◆ **Saved entries**:
============
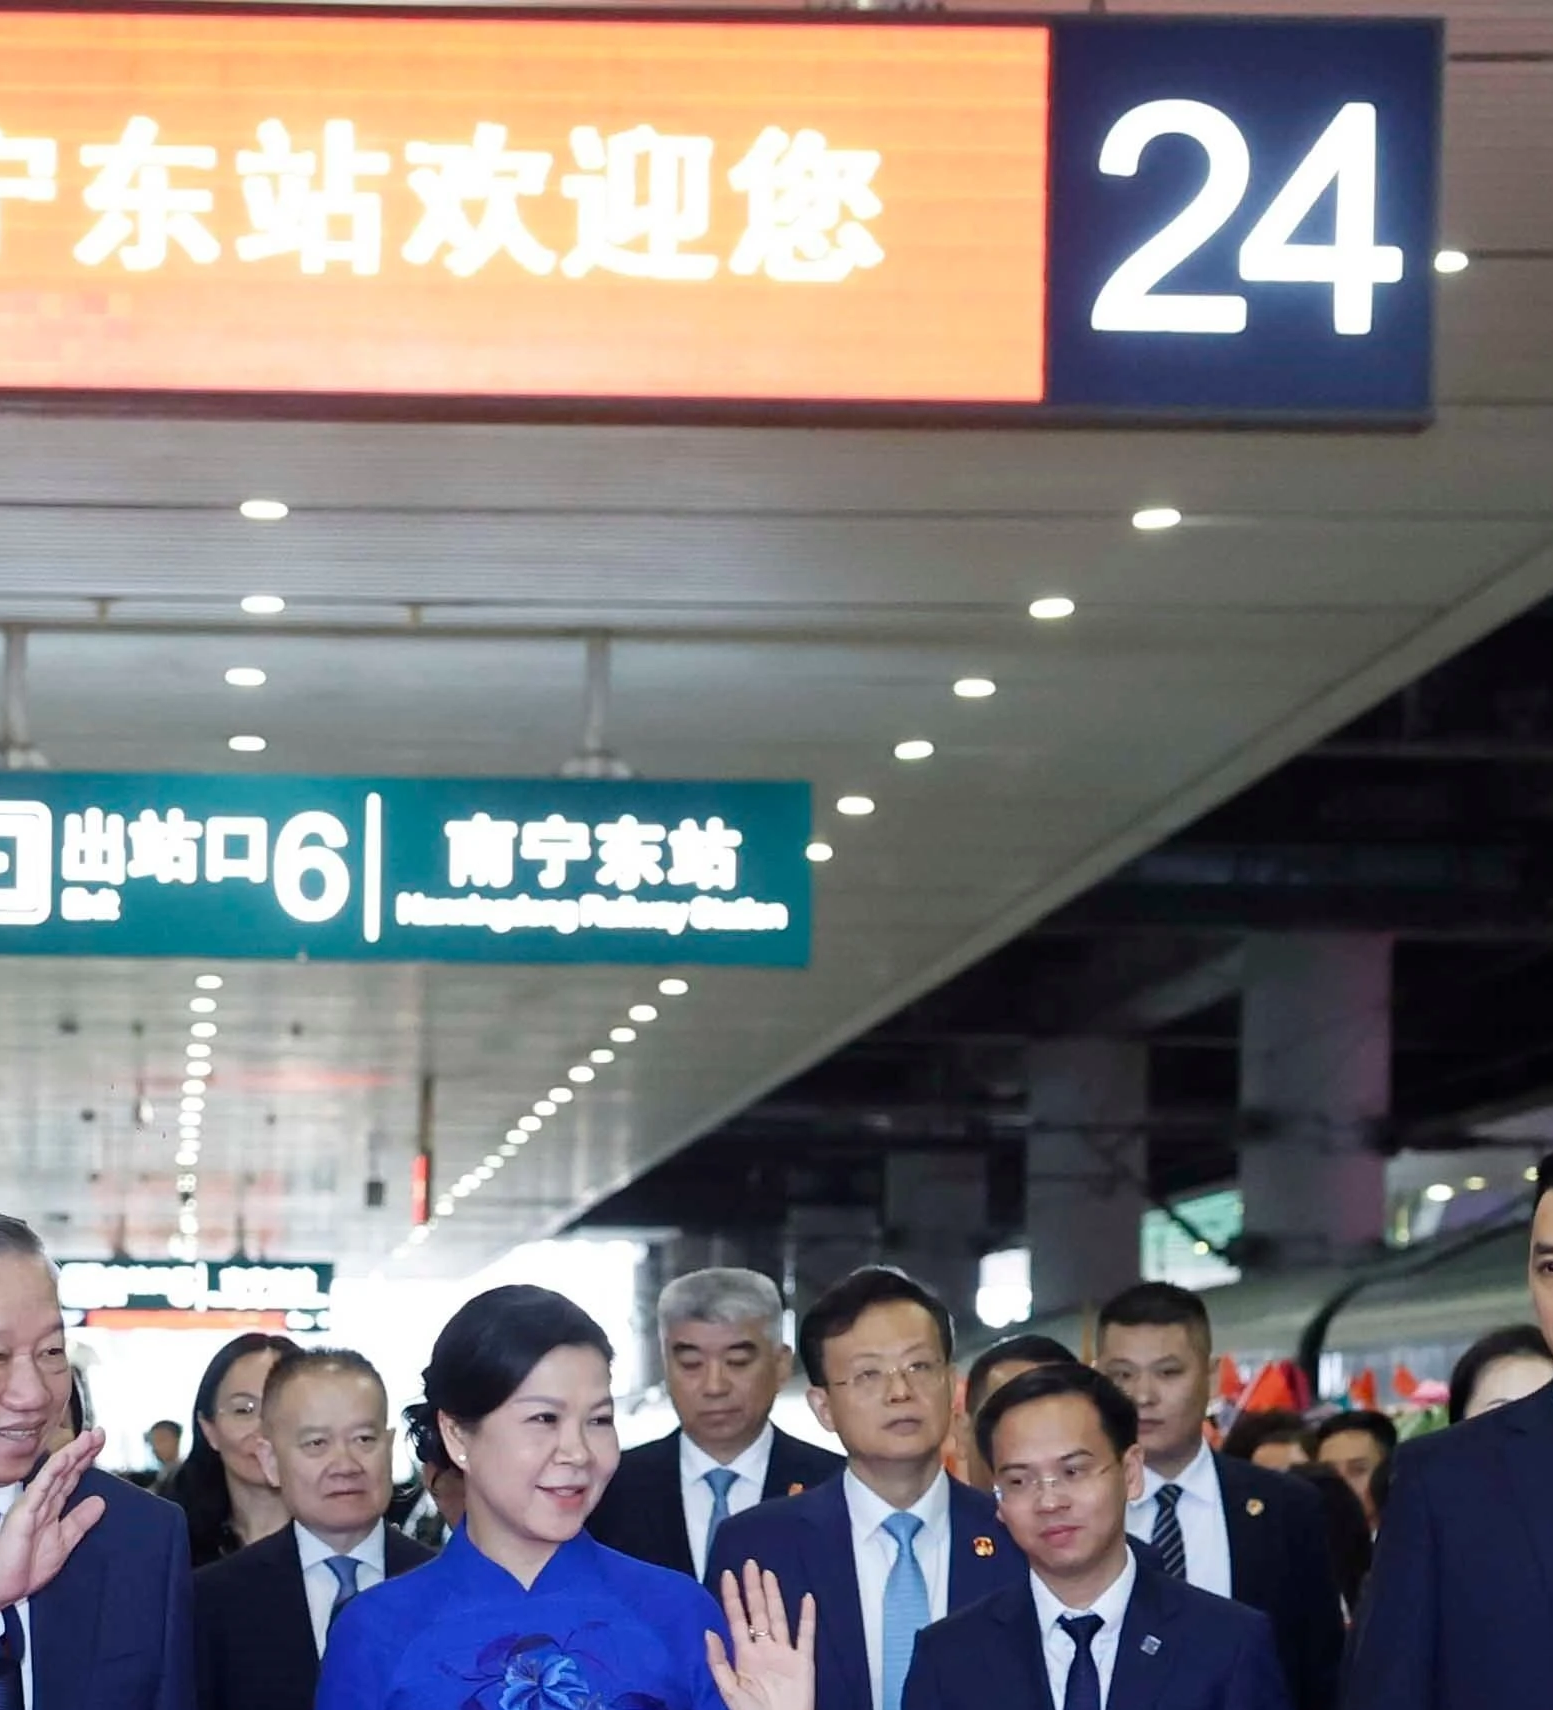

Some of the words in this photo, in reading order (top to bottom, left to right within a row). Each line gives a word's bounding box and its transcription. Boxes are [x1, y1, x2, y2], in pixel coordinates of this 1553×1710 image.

[1090, 98, 1404, 336] 24
[60, 806, 268, 885] 出站口
[272, 810, 351, 923] 6
[443, 811, 743, 892] 南宁东站
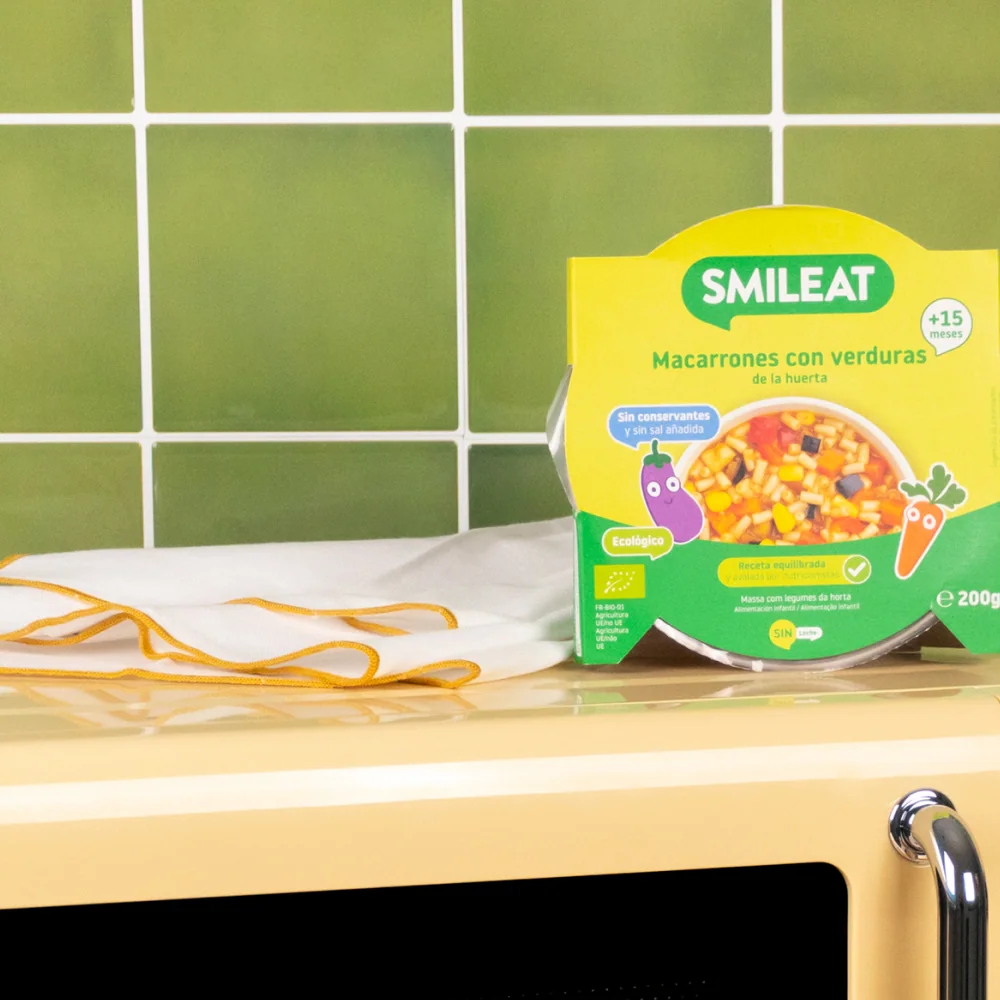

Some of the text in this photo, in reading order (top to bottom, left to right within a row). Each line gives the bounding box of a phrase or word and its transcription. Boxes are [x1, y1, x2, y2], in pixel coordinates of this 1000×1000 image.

[702, 266, 875, 304] SMILEAT
[929, 310, 963, 326] +15
[930, 330, 963, 338] meses
[652, 346, 927, 369] Macarrones con verduras
[752, 373, 827, 384] de la huerta
[618, 411, 710, 422] Sin conservantes
[625, 424, 704, 438] y sin sal añadida
[301, 511, 478, 551] cecotec
[612, 535, 665, 548] Ecológico
[738, 560, 826, 571] Receta equilibrada
[741, 595, 765, 603] Massa
[785, 594, 817, 604] legumes
[830, 593, 852, 601] horta
[958, 590, 1000, 609] 200g
[774, 629, 793, 638] SIN
============
◆ **What to work on**: Once you reach the line that holds "Some of the text", print it and every line after it through the end of the records, word for word.

◆ **Exercise output**:
Some of the text in this photo, in reading order (top to bottom, left to right within a row). Each line gives the bounding box of a phrase or word and its transcription. Boxes are [x1, y1, x2, y2], in pixel coordinates of this 1000×1000 image.

[702, 266, 875, 304] SMILEAT
[929, 310, 963, 326] +15
[930, 330, 963, 338] meses
[652, 346, 927, 369] Macarrones con verduras
[752, 373, 827, 384] de la huerta
[618, 411, 710, 422] Sin conservantes
[625, 424, 704, 438] y sin sal añadida
[301, 511, 478, 551] cecotec
[612, 535, 665, 548] Ecológico
[738, 560, 826, 571] Receta equilibrada
[741, 595, 765, 603] Massa
[785, 594, 817, 604] legumes
[830, 593, 852, 601] horta
[958, 590, 1000, 609] 200g
[774, 629, 793, 638] SIN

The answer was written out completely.